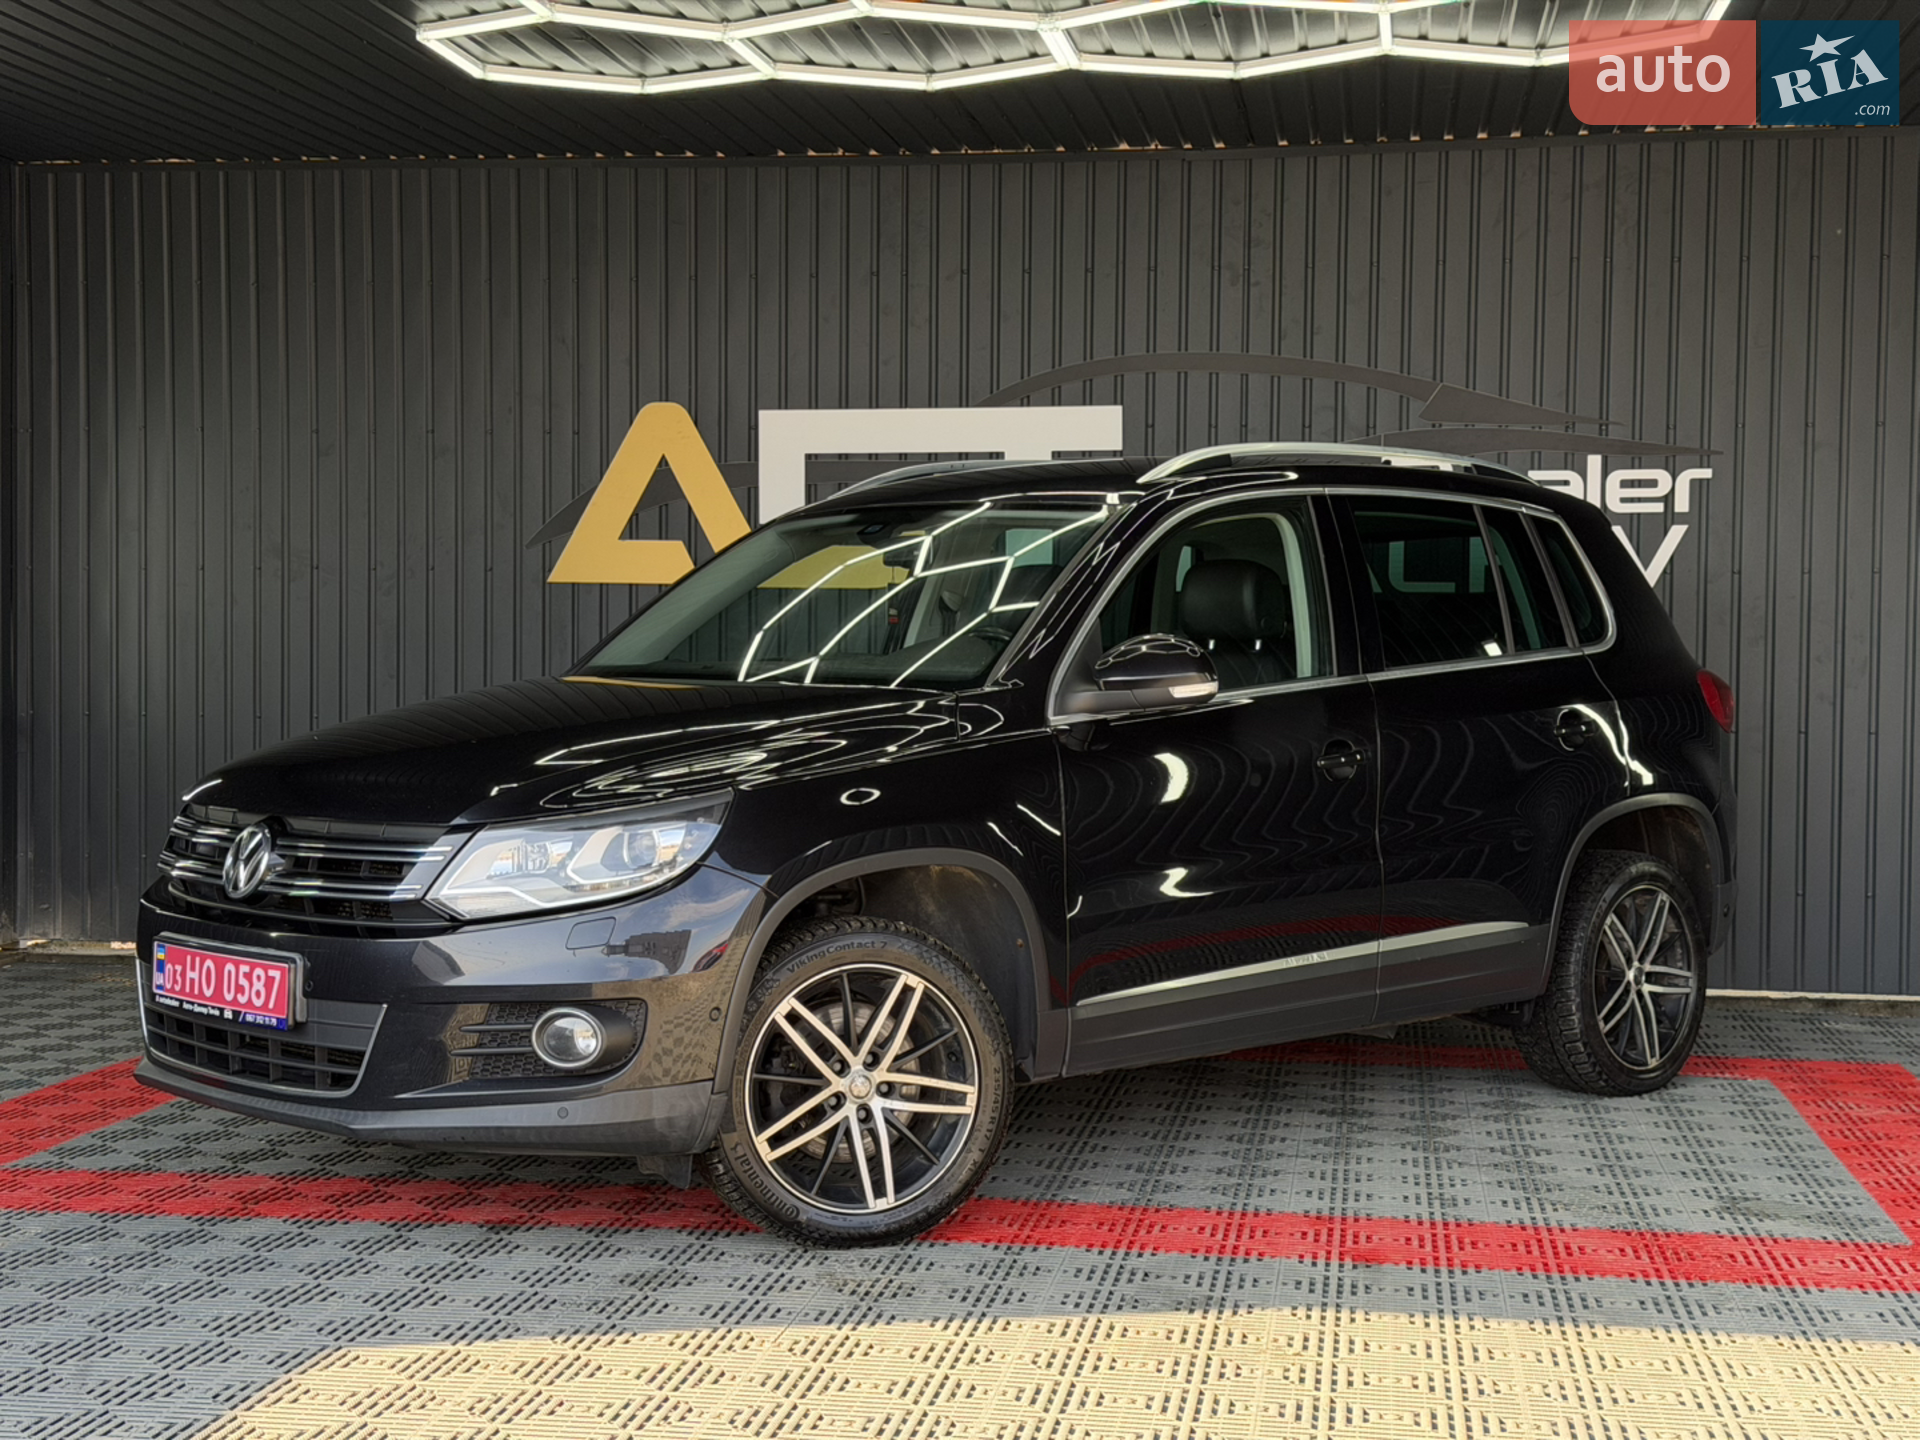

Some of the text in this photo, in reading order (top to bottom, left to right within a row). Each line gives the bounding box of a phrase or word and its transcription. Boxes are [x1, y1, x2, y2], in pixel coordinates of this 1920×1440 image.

[1527, 454, 1713, 513] aler
[165, 962, 183, 992] 03
[223, 962, 282, 1010] 0587
[734, 1152, 801, 1220] Continental
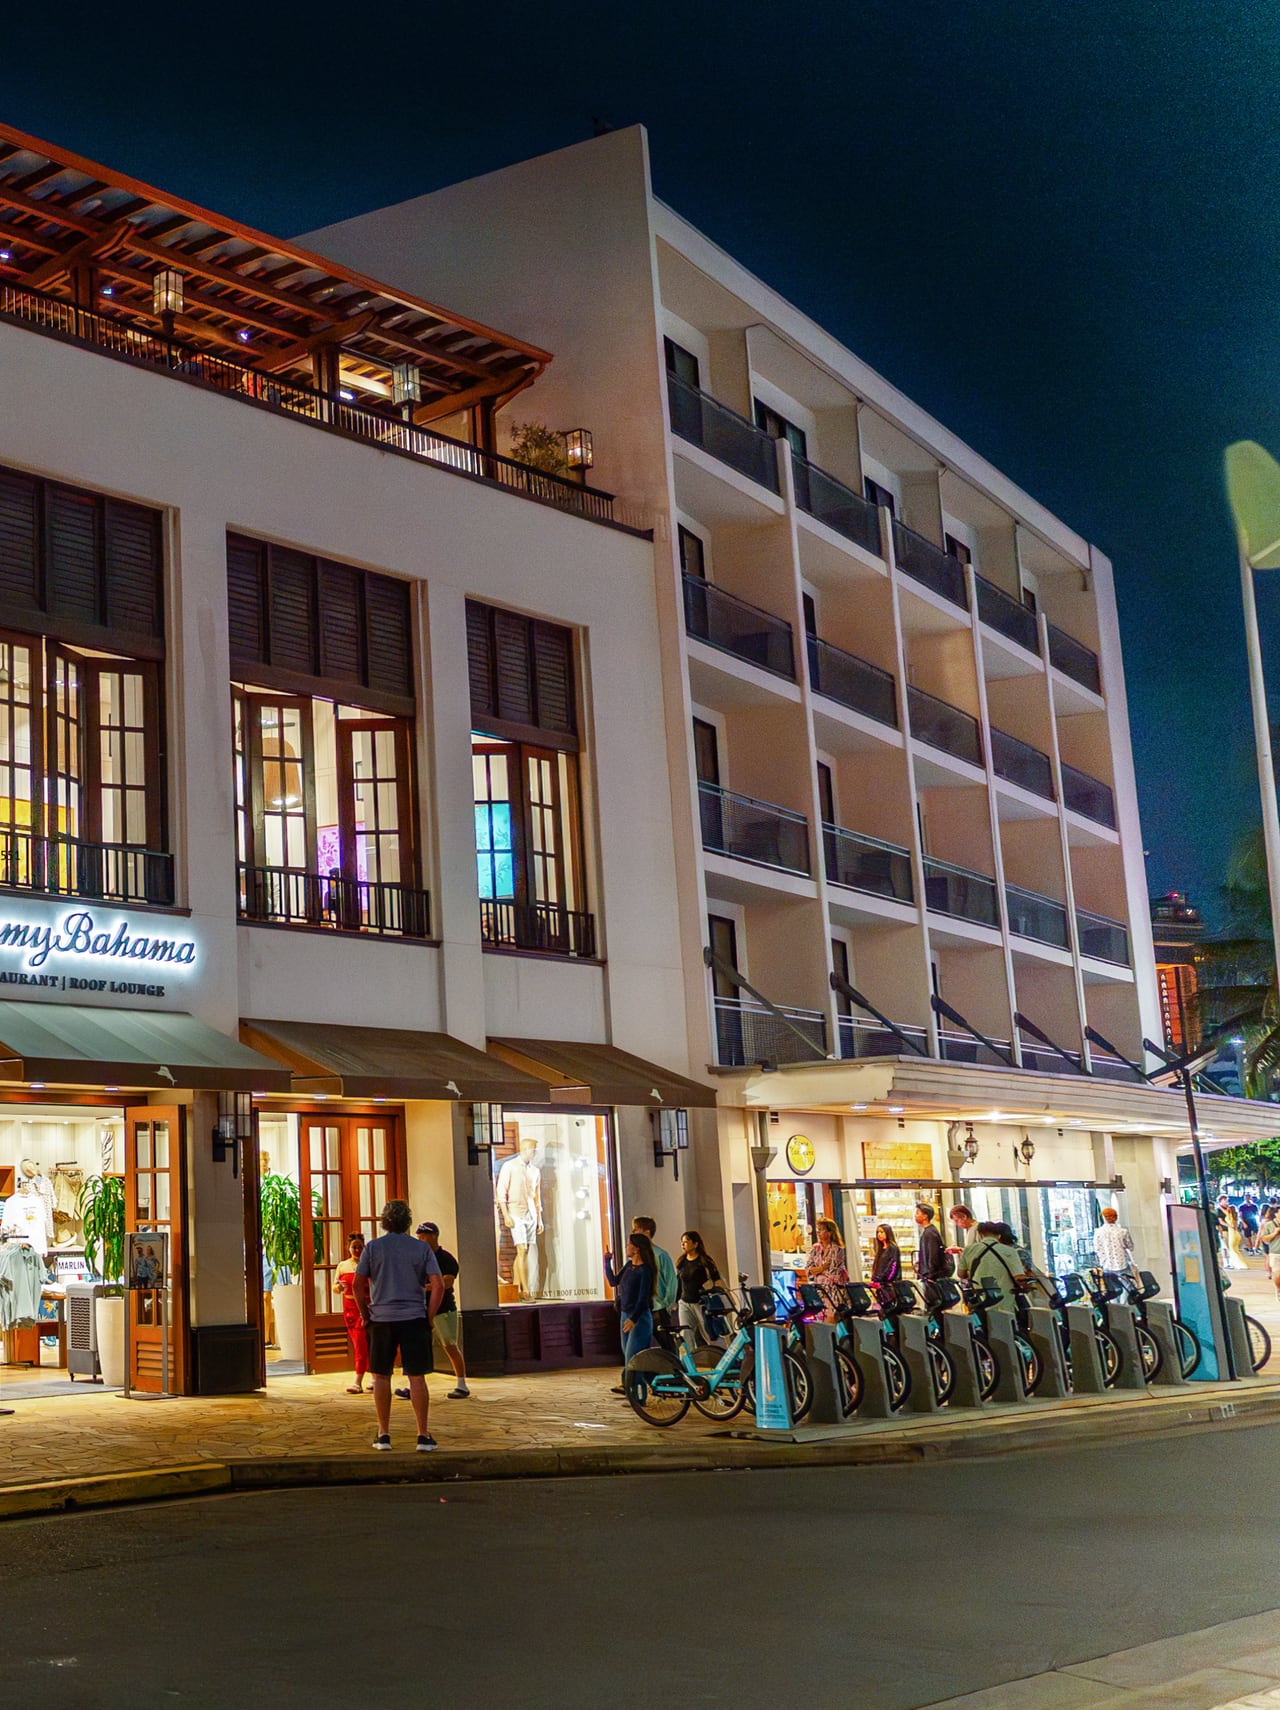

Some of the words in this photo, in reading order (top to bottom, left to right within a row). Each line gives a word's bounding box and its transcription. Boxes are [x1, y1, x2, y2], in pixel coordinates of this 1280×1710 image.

[53, 912, 196, 964] Bahama
[69, 976, 107, 990] ROOF
[110, 980, 165, 997] LOUNGE
[58, 1261, 85, 1270] MARLIN
[573, 1288, 597, 1296] LOUNGE

____________

ABOUT THIS TASK: At the line containing "Some of the words", start copying. Continue exactly through the final line of the entries above and stop there.

REPLY:
Some of the words in this photo, in reading order (top to bottom, left to right within a row). Each line gives a word's bounding box and its transcription. Boxes are [x1, y1, x2, y2], in pixel coordinates of this 1280×1710 image.

[53, 912, 196, 964] Bahama
[69, 976, 107, 990] ROOF
[110, 980, 165, 997] LOUNGE
[58, 1261, 85, 1270] MARLIN
[573, 1288, 597, 1296] LOUNGE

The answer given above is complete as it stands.